CPAP and Asthma: What I’ve Learned Living With Both Conditions

cpap and asthma

I’ve had asthma my entire life. It has just always been there, part of the background noise of breathing. My brother has it too, so it probably runs in my family.

So when I was diagnosed with severe obstructive sleep apnea more than a decade ago with an AHI of 51, I didn’t immediately think about the two conditions as related. I thought of them as separate problems. The sleep apnea was new and alarming. The asthma was just old and familiar.

What I’ve come to understand since then is that the two conditions are more intertwined than they might seem, and that CPAP therapy, the treatment that changed my life on the sleep apnea side of things, has some real and interesting implications for people who also live with asthma. I want to share what the research says about sleep apnea and asthma, and where my own experience fits in.

A reminder before we go further: I have a background in computer science, not medicine. Nothing here should be taken as medical advice. If you are managing both asthma and sleep apnea, your doctor and your sleep specialist are the right people to guide your treatment plan. What I can offer is a patient’s perspective and a reasonably careful read of the available evidence.

Are sleep apnea and asthma related?

It might surprise you how commonly asthma and obstructive sleep apnea occur together. A 2015 study in JAMA, drawing on the long-running Wisconsin Sleep Cohort, followed adults who were free of sleep apnea at the start and tracked who developed it over time. Over the first four-year window, 27 percent of people with asthma developed obstructive sleep apnea, compared with 16 percent of people without asthma, and longer asthma duration was tied to higher risk. In other words, asthma appears to raise the odds of later developing sleep apnea.

Researchers describe the broader relationship as bidirectional, which is a careful way of saying that having one condition raises your odds of the other, and that when both are present, each tends to worsen the other. A 2023 review in the Journal of Clinical Medicine that summarized the current evidence reached the same conclusion, noting that the prevalence of sleep apnea climbs as asthma severity increases. You can read that review through the National Library of Medicine.

Researchers are still working out the exact reasons for this overlap, but several mechanisms appear to be at play. Asthma is often accompanied by allergic rhinitis, which causes nasal congestion and obstruction. That congestion can push you toward mouth breathing, reduce airflow through the upper airway, and increase the likelihood of the airway collapsing during sleep, which is essentially what obstructive sleep apnea is.
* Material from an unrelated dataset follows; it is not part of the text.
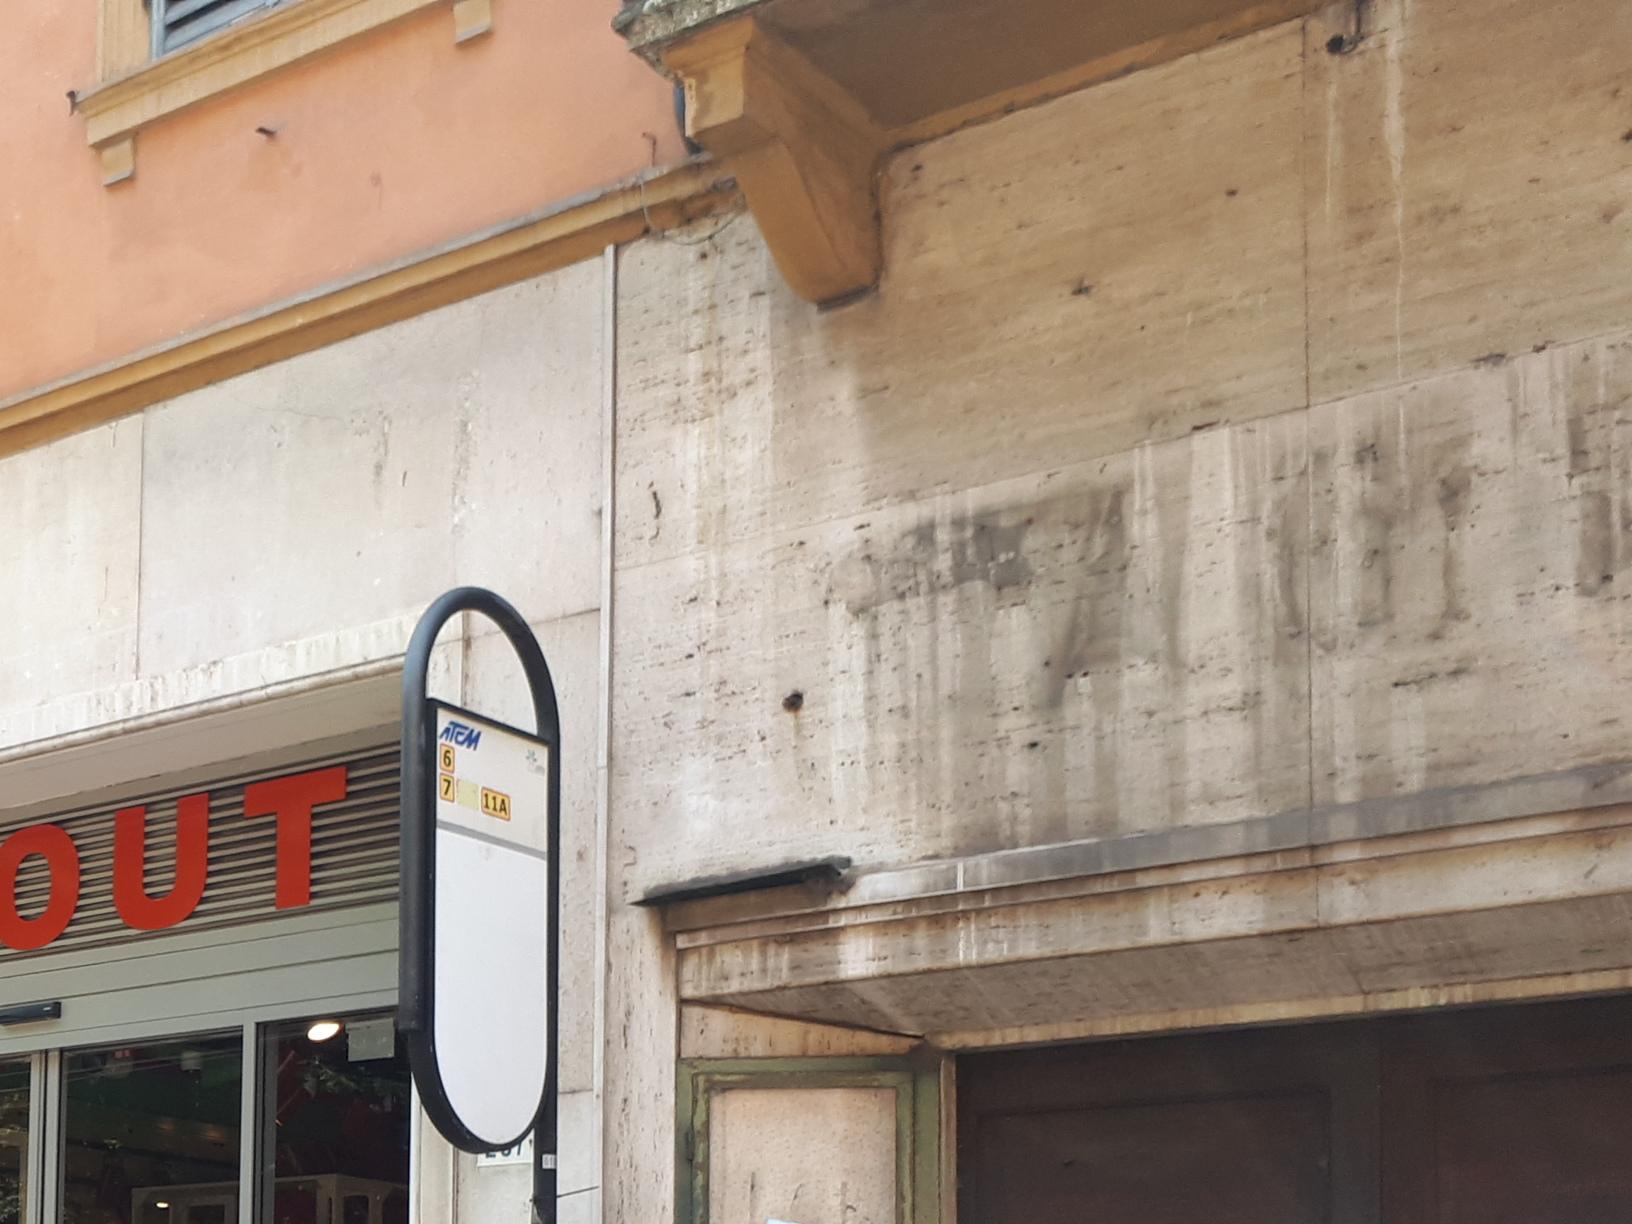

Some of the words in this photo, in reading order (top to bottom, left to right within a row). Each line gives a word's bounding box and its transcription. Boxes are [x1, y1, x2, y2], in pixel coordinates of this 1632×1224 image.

[443, 749, 452, 768] 6
[442, 778, 451, 796] 7
[484, 792, 508, 816] 11A
Anatomy matters too. Asthma can be associated with a generally narrower upper airway, and in some people with enlarged tonsils or adenoids, all of which raise the risk of sleep apnea. There is also evidence that asthma can affect the neural control of the muscles in the breathing passages, further weakening the airway’s ability to stay open during sleep.

Mayo Clinic notes that chronic lung diseases such as asthma are recognized risk factors for obstructive sleep apnea, sitting alongside conditions like high blood pressure and type 2 diabetes in that list. If you have asthma and have not been assessed for sleep apnea, it is worth raising with your doctor, particularly if you are a heavy snorer, a mouth breather, or you wake unrefreshed despite what feels like a full night’s sleep.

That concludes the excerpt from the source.